*** RECORDS
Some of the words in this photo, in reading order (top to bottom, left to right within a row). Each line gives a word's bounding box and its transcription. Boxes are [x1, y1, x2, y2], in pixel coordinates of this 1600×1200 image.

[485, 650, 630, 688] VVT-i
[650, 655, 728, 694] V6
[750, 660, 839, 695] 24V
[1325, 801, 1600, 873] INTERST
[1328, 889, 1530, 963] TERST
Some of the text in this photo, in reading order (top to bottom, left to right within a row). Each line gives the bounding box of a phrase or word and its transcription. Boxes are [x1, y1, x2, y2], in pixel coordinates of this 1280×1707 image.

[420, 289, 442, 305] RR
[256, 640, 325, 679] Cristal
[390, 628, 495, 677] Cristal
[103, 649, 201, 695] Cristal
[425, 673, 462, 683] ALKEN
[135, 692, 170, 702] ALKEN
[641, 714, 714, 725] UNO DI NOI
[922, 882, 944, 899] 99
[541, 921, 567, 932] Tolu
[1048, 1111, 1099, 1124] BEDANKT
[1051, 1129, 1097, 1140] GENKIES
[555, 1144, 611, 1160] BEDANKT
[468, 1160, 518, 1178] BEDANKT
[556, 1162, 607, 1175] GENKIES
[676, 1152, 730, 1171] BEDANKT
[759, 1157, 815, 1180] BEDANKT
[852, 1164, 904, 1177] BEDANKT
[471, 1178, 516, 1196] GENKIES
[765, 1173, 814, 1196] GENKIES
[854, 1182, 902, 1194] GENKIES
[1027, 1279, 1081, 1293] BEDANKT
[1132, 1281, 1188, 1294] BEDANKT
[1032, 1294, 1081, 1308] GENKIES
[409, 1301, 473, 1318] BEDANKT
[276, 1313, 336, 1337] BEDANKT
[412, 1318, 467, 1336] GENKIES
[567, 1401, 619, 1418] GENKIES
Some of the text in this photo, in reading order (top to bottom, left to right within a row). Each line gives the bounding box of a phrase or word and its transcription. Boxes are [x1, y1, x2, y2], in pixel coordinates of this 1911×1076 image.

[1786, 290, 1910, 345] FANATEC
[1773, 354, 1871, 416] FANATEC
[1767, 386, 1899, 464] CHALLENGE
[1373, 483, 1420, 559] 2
******
Each record needs to be duplicated exactly.

Some of the words in this photo, in reading order (top to bottom, left to right within a row). Each line gives a word's bounding box and its transcription. Boxes are [x1, y1, x2, y2], in pixel coordinates of this 1600×1200 image.

[485, 650, 630, 688] VVT-i
[650, 655, 728, 694] V6
[750, 660, 839, 695] 24V
[1325, 801, 1600, 873] INTERST
[1328, 889, 1530, 963] TERST
Some of the text in this photo, in reading order (top to bottom, left to right within a row). Each line gives the bounding box of a phrase or word and its transcription. Boxes are [x1, y1, x2, y2], in pixel coordinates of this 1280×1707 image.

[420, 289, 442, 305] RR
[256, 640, 325, 679] Cristal
[390, 628, 495, 677] Cristal
[103, 649, 201, 695] Cristal
[425, 673, 462, 683] ALKEN
[135, 692, 170, 702] ALKEN
[641, 714, 714, 725] UNO DI NOI
[922, 882, 944, 899] 99
[541, 921, 567, 932] Tolu
[1048, 1111, 1099, 1124] BEDANKT
[1051, 1129, 1097, 1140] GENKIES
[555, 1144, 611, 1160] BEDANKT
[468, 1160, 518, 1178] BEDANKT
[556, 1162, 607, 1175] GENKIES
[676, 1152, 730, 1171] BEDANKT
[759, 1157, 815, 1180] BEDANKT
[852, 1164, 904, 1177] BEDANKT
[471, 1178, 516, 1196] GENKIES
[765, 1173, 814, 1196] GENKIES
[854, 1182, 902, 1194] GENKIES
[1027, 1279, 1081, 1293] BEDANKT
[1132, 1281, 1188, 1294] BEDANKT
[1032, 1294, 1081, 1308] GENKIES
[409, 1301, 473, 1318] BEDANKT
[276, 1313, 336, 1337] BEDANKT
[412, 1318, 467, 1336] GENKIES
[567, 1401, 619, 1418] GENKIES
Some of the text in this photo, in reading order (top to bottom, left to right within a row). Each line gives the bounding box of a phrase or word and its transcription. Boxes are [x1, y1, x2, y2], in pixel coordinates of this 1911×1076 image.

[1786, 290, 1910, 345] FANATEC
[1773, 354, 1871, 416] FANATEC
[1767, 386, 1899, 464] CHALLENGE
[1373, 483, 1420, 559] 2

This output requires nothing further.